#### [Work to complete]
Each entry is to be retyped exactly as it appears, and each image is to be dropped.

== == ==

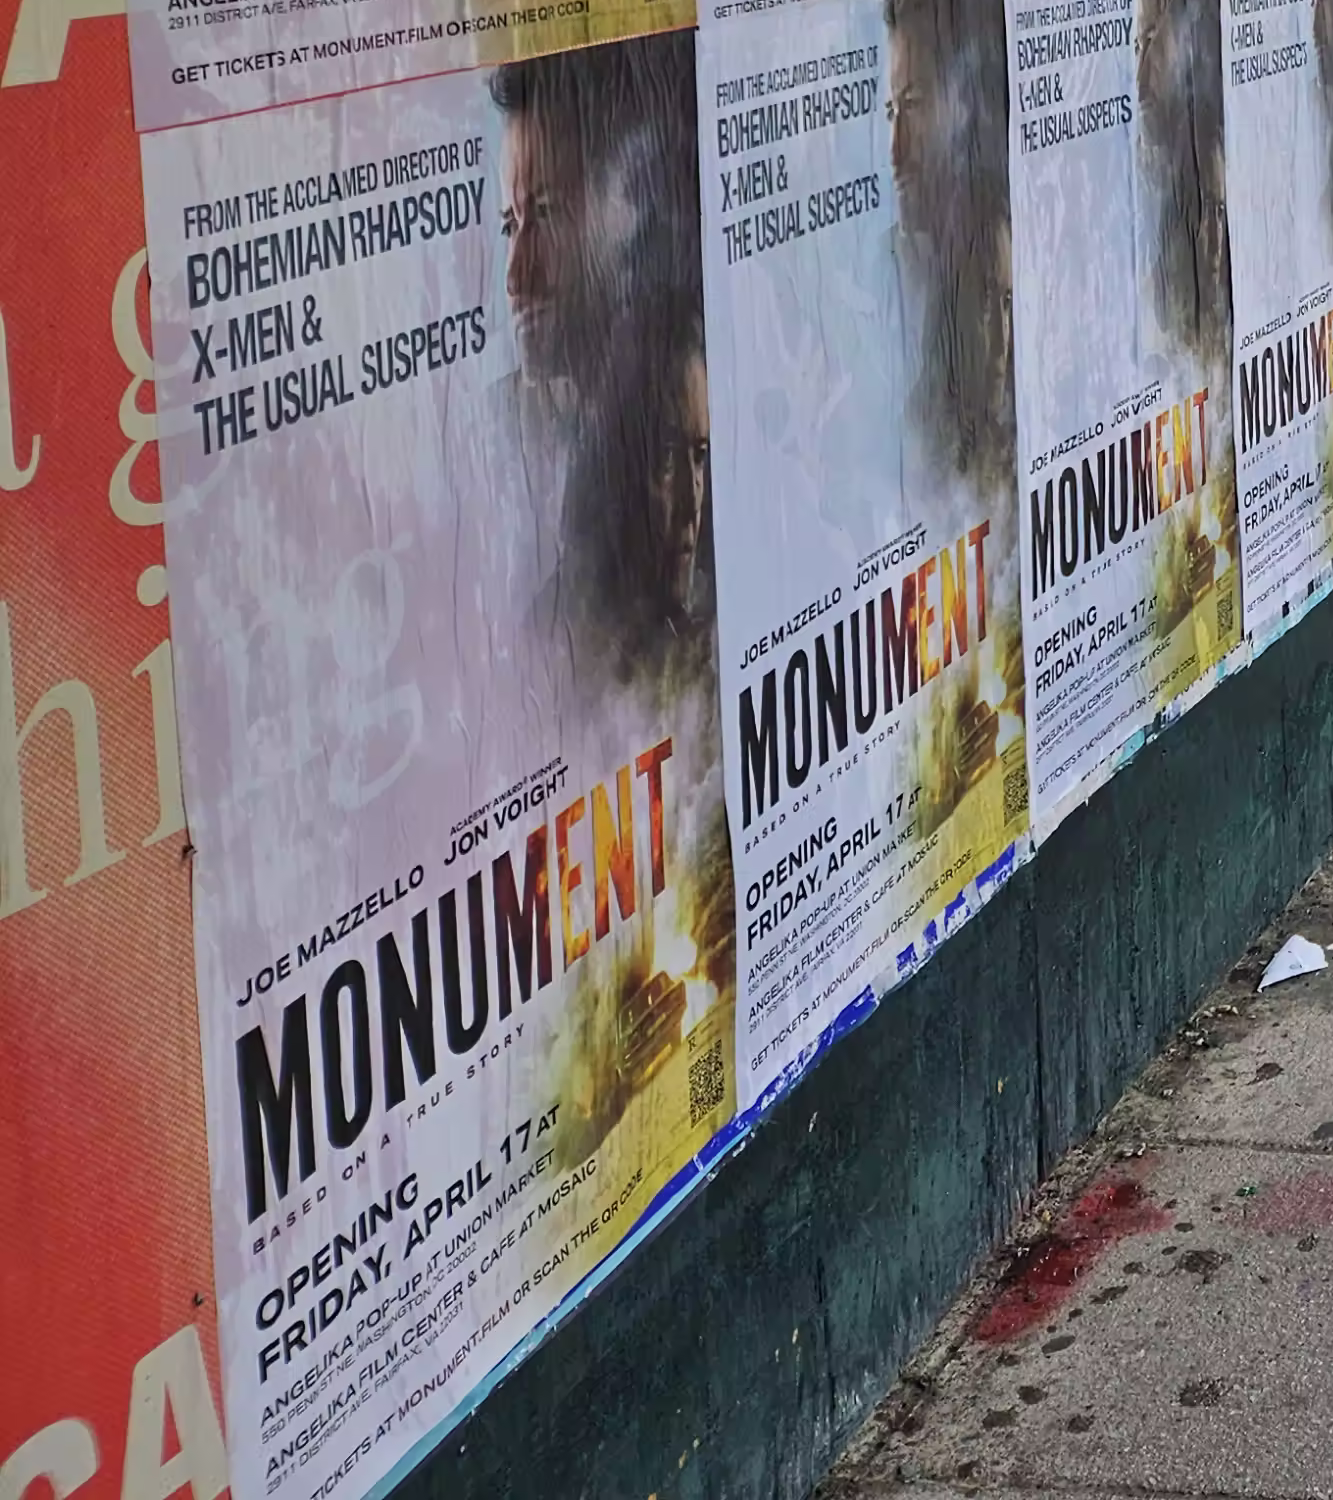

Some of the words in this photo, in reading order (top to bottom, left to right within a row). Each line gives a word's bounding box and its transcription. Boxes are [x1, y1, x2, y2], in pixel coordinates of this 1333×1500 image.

[717, 97, 798, 160] BOHEMIAN
[803, 75, 880, 135] RHAPSODY
[720, 156, 773, 213] X-MEN
[184, 190, 242, 238] FROM
[247, 182, 279, 223] THE
[385, 142, 459, 190] DIRECTOR
[462, 137, 482, 171] OF
[187, 212, 345, 311] BOHEMIAN
[350, 177, 485, 265] RHAPSODY
[722, 216, 751, 266] THE
[754, 198, 805, 254] USUAL
[808, 172, 880, 235] SUSPECTS
[191, 297, 296, 385] X-MEN
[301, 289, 325, 349] &
[196, 383, 259, 460] THE
[264, 351, 356, 436] USUAL
[359, 308, 485, 401] SUSPECTS
[1030, 387, 1208, 602] MONUMENT
[738, 520, 989, 830] MONUMENT
[1034, 602, 1097, 670] OPENING
[1035, 640, 1084, 699] FRIDAY,
[444, 820, 489, 871] JON
[494, 767, 570, 838] VOIGHT
[747, 813, 837, 913] OPENING
[747, 861, 822, 953] FRIDAY,
[826, 810, 881, 881] APRIL
[885, 791, 903, 829] 17
[234, 739, 672, 1228] MONUMENT
[236, 951, 292, 1013] JOE
[296, 863, 426, 972] MAZZELLO
[252, 1181, 328, 1256] BASED
[341, 1148, 370, 1184] ON
[381, 1129, 393, 1151] A
[405, 1079, 455, 1131] TRUE
[467, 1020, 528, 1081] STORY
[255, 1165, 420, 1336] OPENING
[257, 1236, 392, 1388] FRIDAY,
[399, 1147, 494, 1258] APRIL
[498, 1113, 532, 1170] 17
[536, 1100, 560, 1138] AT

== == ==

#### [Output below]
Some of the words in this photo, in reading order (top to bottom, left to right within a row). Each line gives a word's bounding box and its transcription. Boxes are [x1, y1, x2, y2], in pixel coordinates of this 1333×1500 image.

[717, 97, 798, 160] BOHEMIAN
[803, 75, 880, 135] RHAPSODY
[720, 156, 773, 213] X-MEN
[184, 190, 242, 238] FROM
[247, 182, 279, 223] THE
[385, 142, 459, 190] DIRECTOR
[462, 137, 482, 171] OF
[187, 212, 345, 311] BOHEMIAN
[350, 177, 485, 265] RHAPSODY
[722, 216, 751, 266] THE
[754, 198, 805, 254] USUAL
[808, 172, 880, 235] SUSPECTS
[191, 297, 296, 385] X-MEN
[301, 289, 325, 349] &
[196, 383, 259, 460] THE
[264, 351, 356, 436] USUAL
[359, 308, 485, 401] SUSPECTS
[1030, 387, 1208, 602] MONUMENT
[738, 520, 989, 830] MONUMENT
[1034, 602, 1097, 670] OPENING
[1035, 640, 1084, 699] FRIDAY,
[444, 820, 489, 871] JON
[494, 767, 570, 838] VOIGHT
[747, 813, 837, 913] OPENING
[747, 861, 822, 953] FRIDAY,
[826, 810, 881, 881] APRIL
[885, 791, 903, 829] 17
[234, 739, 672, 1228] MONUMENT
[236, 951, 292, 1013] JOE
[296, 863, 426, 972] MAZZELLO
[252, 1181, 328, 1256] BASED
[341, 1148, 370, 1184] ON
[381, 1129, 393, 1151] A
[405, 1079, 455, 1131] TRUE
[467, 1020, 528, 1081] STORY
[255, 1165, 420, 1336] OPENING
[257, 1236, 392, 1388] FRIDAY,
[399, 1147, 494, 1258] APRIL
[498, 1113, 532, 1170] 17
[536, 1100, 560, 1138] AT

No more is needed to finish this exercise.